━━━━━ Information ━━━━━

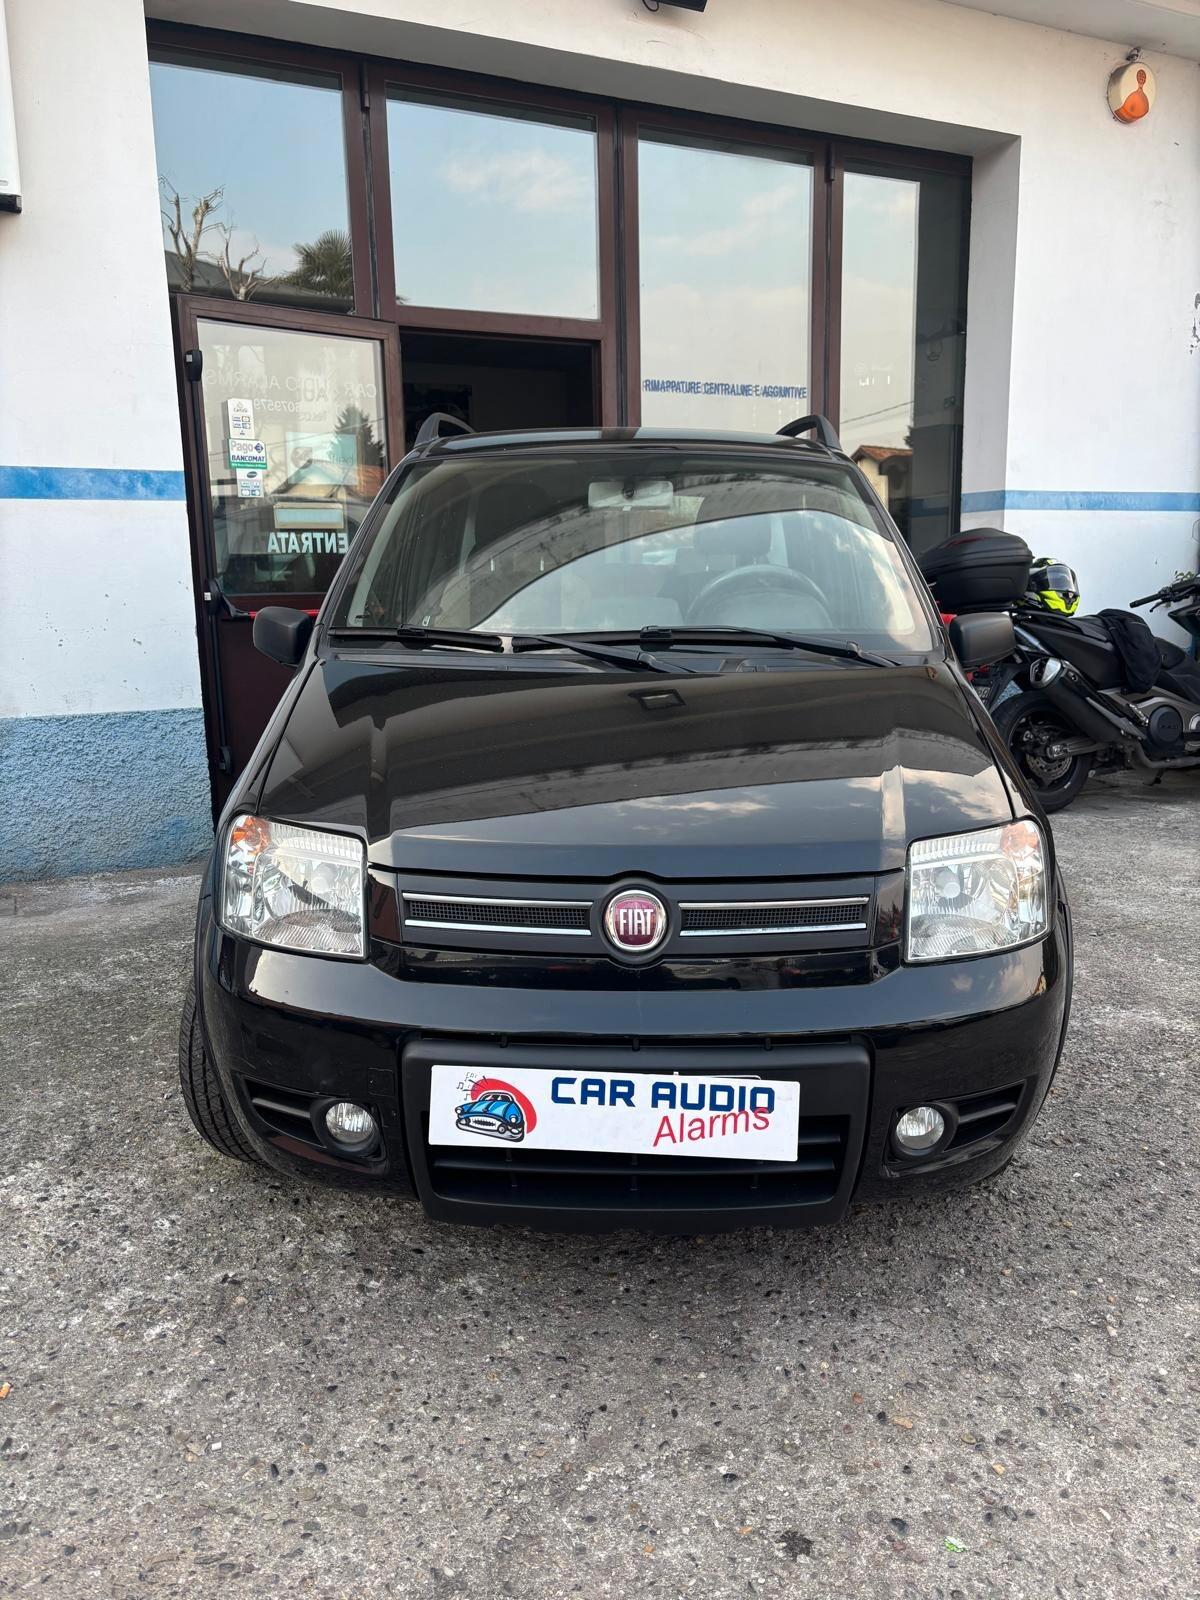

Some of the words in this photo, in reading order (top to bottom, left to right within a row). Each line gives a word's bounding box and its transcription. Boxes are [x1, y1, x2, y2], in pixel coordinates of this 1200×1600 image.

[643, 379, 701, 394] RIMAPPATURE
[703, 382, 752, 397] CENTRALINE
[761, 385, 807, 399] AGGIUNTIVE
[231, 441, 253, 454] Pago
[620, 908, 653, 935] FIAT
[551, 1077, 635, 1107] CAR
[651, 1082, 775, 1113] AUDIO
[653, 1107, 770, 1147] Alarms
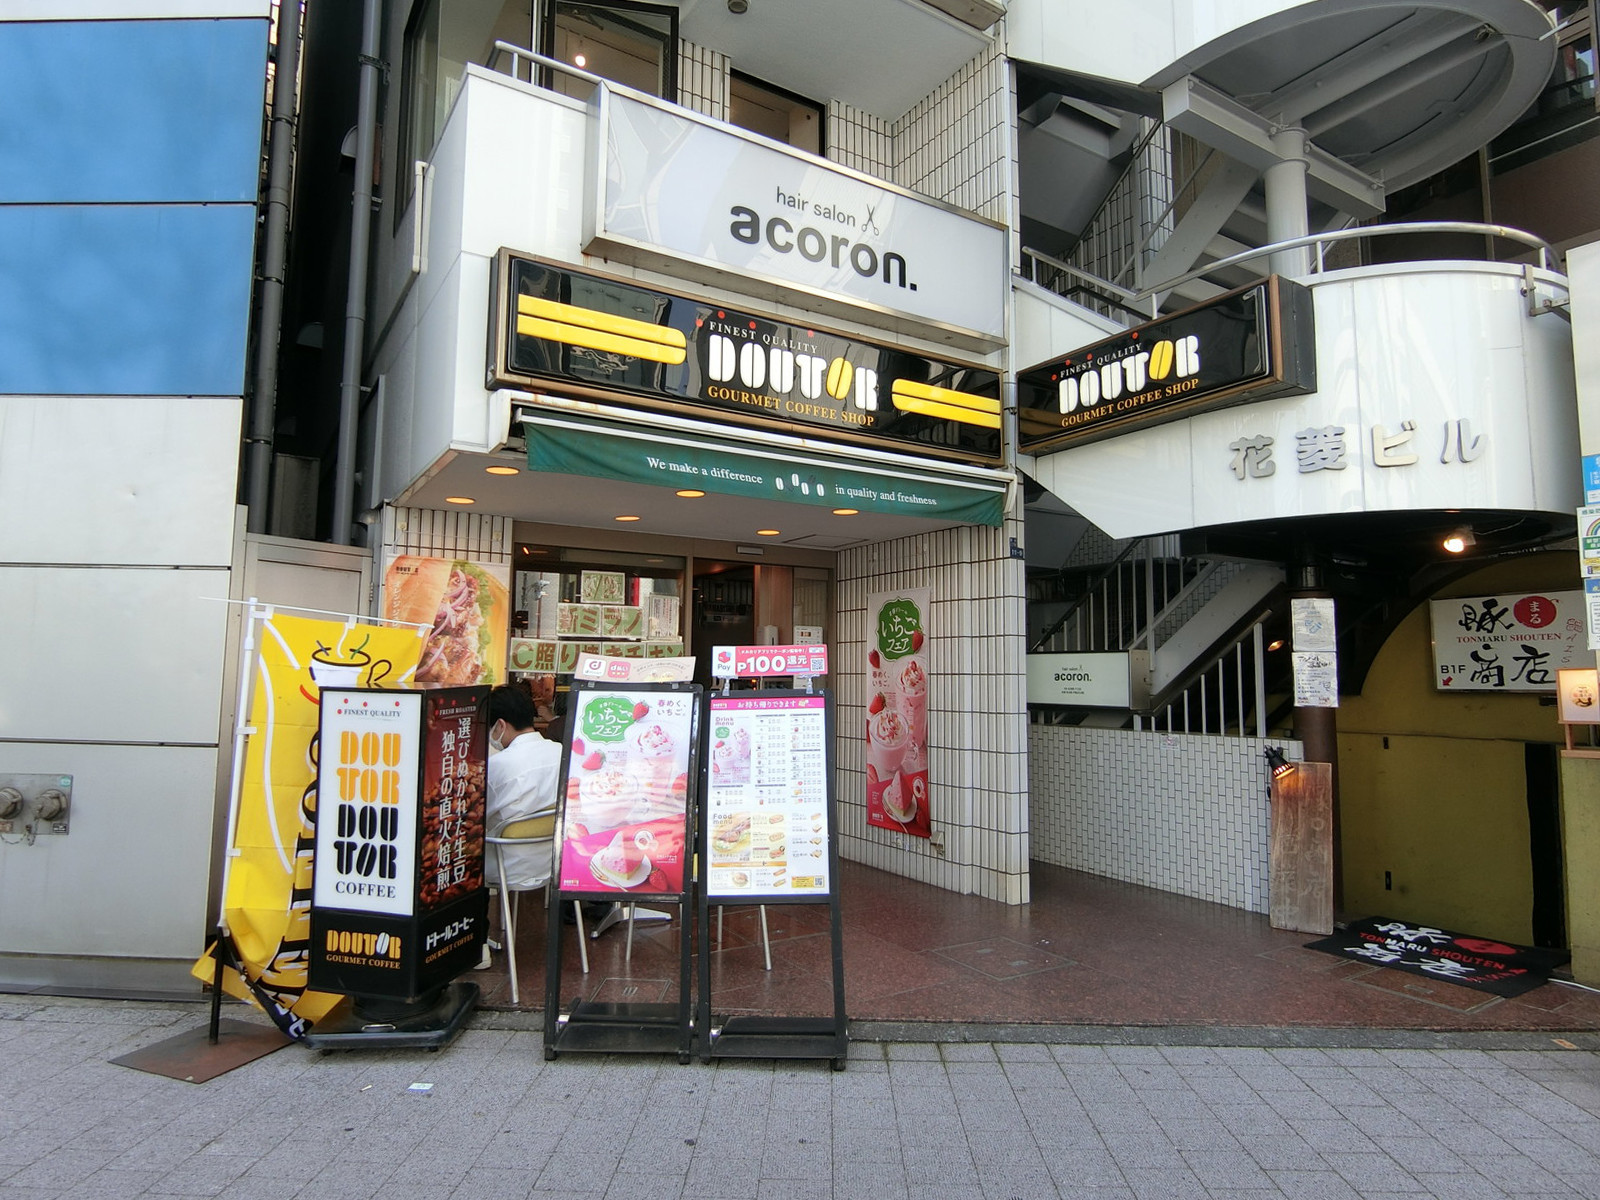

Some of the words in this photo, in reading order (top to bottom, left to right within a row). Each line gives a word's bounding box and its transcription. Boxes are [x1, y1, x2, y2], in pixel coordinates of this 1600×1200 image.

[776, 186, 809, 212] hair
[813, 204, 857, 227] salon
[730, 205, 918, 292] acoron.
[709, 321, 757, 340] FINEST
[762, 334, 819, 354] QUALITY
[708, 334, 878, 411] DOUTOR
[1058, 335, 1200, 415] DOUTOR
[1059, 360, 1093, 379] FINEST
[1097, 342, 1142, 366] QUALITY
[707, 385, 781, 410] GOURMET
[785, 400, 837, 420] COFFEE
[841, 410, 874, 427] SHOP
[1061, 403, 1114, 428] GOURMET
[1117, 389, 1162, 411] COFFEE
[1165, 378, 1199, 397] SHOP
[1228, 418, 1489, 481] 花菱ビル
[647, 456, 667, 470] We
[669, 462, 699, 475] make
[701, 468, 708, 476] a
[710, 467, 764, 484] difference
[835, 484, 845, 495] in
[847, 487, 878, 501] quality
[879, 491, 896, 502] and
[897, 491, 937, 505] freshness
[881, 615, 918, 639] いちご
[1529, 601, 1541, 624] まる
[886, 638, 909, 651] フェア
[1456, 634, 1508, 644] TONMARU
[1509, 632, 1562, 643] SHOUTEN
[717, 663, 730, 671] Pay
[1440, 664, 1467, 674] B1F
[344, 708, 368, 716] FINEST
[439, 708, 455, 716] FRESH
[455, 705, 477, 713] ROASTED
[588, 707, 634, 725] いちご
[592, 725, 622, 736] フェア
[340, 730, 401, 767] DOU
[336, 767, 400, 804] TOR
[453, 717, 472, 886] 選びぬかれた生豆
[338, 804, 398, 842] DOU
[436, 730, 456, 893] 独自の直火焙煎
[333, 841, 397, 879] TOR
[335, 881, 396, 899] COFFEE
[326, 930, 402, 959] DOUTOR
[425, 944, 453, 964] GOURMET
[454, 933, 474, 948] COFFEE
[426, 917, 475, 951] ドトールコーヒー
[326, 953, 367, 966] GOURMET
[368, 959, 401, 970] COFFEE
[1359, 932, 1428, 953] TONMARU
[1431, 948, 1504, 970] SHOUTEN

━━━━━

Your assignment:
No picture should be included when the data are set down again exactly.

Solved exercise:
Some of the words in this photo, in reading order (top to bottom, left to right within a row). Each line gives a word's bounding box and its transcription. Boxes are [x1, y1, x2, y2], in pixel coordinates of this 1200×1600 image.

[643, 379, 701, 394] RIMAPPATURE
[703, 382, 752, 397] CENTRALINE
[761, 385, 807, 399] AGGIUNTIVE
[231, 441, 253, 454] Pago
[620, 908, 653, 935] FIAT
[551, 1077, 635, 1107] CAR
[651, 1082, 775, 1113] AUDIO
[653, 1107, 770, 1147] Alarms

Some of the words in this photo, in reading order (top to bottom, left to right within a row). Each line gives a word's bounding box and its transcription. Boxes are [x1, y1, x2, y2], in pixel coordinates of this 1600×1200 image.

[776, 186, 809, 212] hair
[813, 204, 857, 227] salon
[730, 205, 918, 292] acoron.
[709, 321, 757, 340] FINEST
[762, 334, 819, 354] QUALITY
[708, 334, 878, 411] DOUTOR
[1058, 335, 1200, 415] DOUTOR
[1059, 360, 1093, 379] FINEST
[1097, 342, 1142, 366] QUALITY
[707, 385, 781, 410] GOURMET
[785, 400, 837, 420] COFFEE
[841, 410, 874, 427] SHOP
[1061, 403, 1114, 428] GOURMET
[1117, 389, 1162, 411] COFFEE
[1165, 378, 1199, 397] SHOP
[1228, 418, 1489, 481] 花菱ビル
[647, 456, 667, 470] We
[669, 462, 699, 475] make
[701, 468, 708, 476] a
[710, 467, 764, 484] difference
[835, 484, 845, 495] in
[847, 487, 878, 501] quality
[879, 491, 896, 502] and
[897, 491, 937, 505] freshness
[881, 615, 918, 639] いちご
[1529, 601, 1541, 624] まる
[886, 638, 909, 651] フェア
[1456, 634, 1508, 644] TONMARU
[1509, 632, 1562, 643] SHOUTEN
[717, 663, 730, 671] Pay
[1440, 664, 1467, 674] B1F
[344, 708, 368, 716] FINEST
[439, 708, 455, 716] FRESH
[455, 705, 477, 713] ROASTED
[588, 707, 634, 725] いちご
[592, 725, 622, 736] フェア
[340, 730, 401, 767] DOU
[336, 767, 400, 804] TOR
[453, 717, 472, 886] 選びぬかれた生豆
[338, 804, 398, 842] DOU
[436, 730, 456, 893] 独自の直火焙煎
[333, 841, 397, 879] TOR
[335, 881, 396, 899] COFFEE
[326, 930, 402, 959] DOUTOR
[425, 944, 453, 964] GOURMET
[454, 933, 474, 948] COFFEE
[426, 917, 475, 951] ドトールコーヒー
[326, 953, 367, 966] GOURMET
[368, 959, 401, 970] COFFEE
[1359, 932, 1428, 953] TONMARU
[1431, 948, 1504, 970] SHOUTEN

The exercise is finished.